Trouver de nouvelles ressources financières et de nouveaux leviers pour la transition. Les stratégies pour une transition juste, la tarification du carbone et les réformes en faveur de la finance verte peuvent permettre de mobiliser des ressources à l’appui des ODD tout en prenant en compte les responsabilités et besoins différenciés. Des instruments tels que les conversions de dettes en investissements écologiques ou les initiatives relatives aux océans et à la bioéconomie peuvent permettre de libérer des ressources supplémentaires. Des stratégies plus solides, que les pays se sont appropriées, peuvent montrer la voie vers la réalisation des objectifs interdépendants sans compromettre le progrès environnemental, social et économique.
3. Renforcer le suivi du cadre qui sera défini lors de la quatrième Conférence internationale sur le financement du développement, en vue d’améliorer la redevabilité et la transparence, grâce à des résultats attendus clairs et concrets. Ce rapport recense au moins 70 cibles et indicateurs relatifs aux ODD et pertinents pour opérer un suivi des progrès en matière de financement et adapter les stratégies.

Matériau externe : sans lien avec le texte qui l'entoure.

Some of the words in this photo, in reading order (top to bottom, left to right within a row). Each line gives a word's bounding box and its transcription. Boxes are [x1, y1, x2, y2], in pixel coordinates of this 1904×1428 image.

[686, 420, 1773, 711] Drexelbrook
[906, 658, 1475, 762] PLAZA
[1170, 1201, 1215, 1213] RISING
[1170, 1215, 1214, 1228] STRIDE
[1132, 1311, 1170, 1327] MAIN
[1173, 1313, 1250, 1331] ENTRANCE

S’accorder sur des résultats attendus clairs et concrets, accompagnés de cibles et d’indicateurs bien définis. Il est essentiel de se concentrer sur des résultats mesurables et alignés sur les ODD si l’on veut maximiser l’impact de toutes les sources de financement à l’appui du développement. Ce rapport démontre le potentiel des nouveaux indicateurs et des nouvelles mesures de sauvegarde pour rendre l’allocation des ressources plus équitable, renforcer la redevabilité et suivre efficacement les contributions à la réalisation des ODD.

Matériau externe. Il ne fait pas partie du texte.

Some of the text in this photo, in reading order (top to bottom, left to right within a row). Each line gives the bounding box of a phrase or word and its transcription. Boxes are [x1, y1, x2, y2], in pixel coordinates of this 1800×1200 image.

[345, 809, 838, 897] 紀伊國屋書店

Encourager des engagements individualisés dans le cadre de la quatrième Conférence internationale sur le financement du développement. Séville ne doit pas être la fin mais le début d’un processus. Le nouveau cadre devrait s’accompagner d’un plan de mise en œuvre assorti de propositions d’actions à mener par différents acteurs tels que le CAD de l’OCDE, Finance en commun, le groupe des banques multilatérales de développement, l’Alliance mondiale des investisseurs pour le développement durable, pilotée par les Nations Unies, ou les organisations philanthropiques, entre autres. Ces actions pourraient faire l’objet d’un suivi continu et les progrès accomplis pourraient être régulièrement communiqués aux Nations Unies, avec la possibilité d’ajuster la feuille de route à mesure que les acteurs honorent leurs engagements en matière de réforme.
Favoriser l’apprentissage adaptatif, avec à la clé des améliorations continues dans la façon dont le financement contribue à la réalisation des ODD et d’autres objectifs. S’appuyant sur des processus tels que les examens nationaux volontaires (ENV) et les cadres de financement nationaux intégrés (INFF), la quatrième Conférence internationale sur le financement du développement devrait faciliter la prise de décision et le renforcement des capacités fondés sur des données. Ainsi, l’amélioration des systèmes de notification et l’assistance technique en matière de capacités statistiques peuvent renforcer les efforts de suivi à l’échelle mondiale, en assurant un impact réel et en maximisant la redevabilité.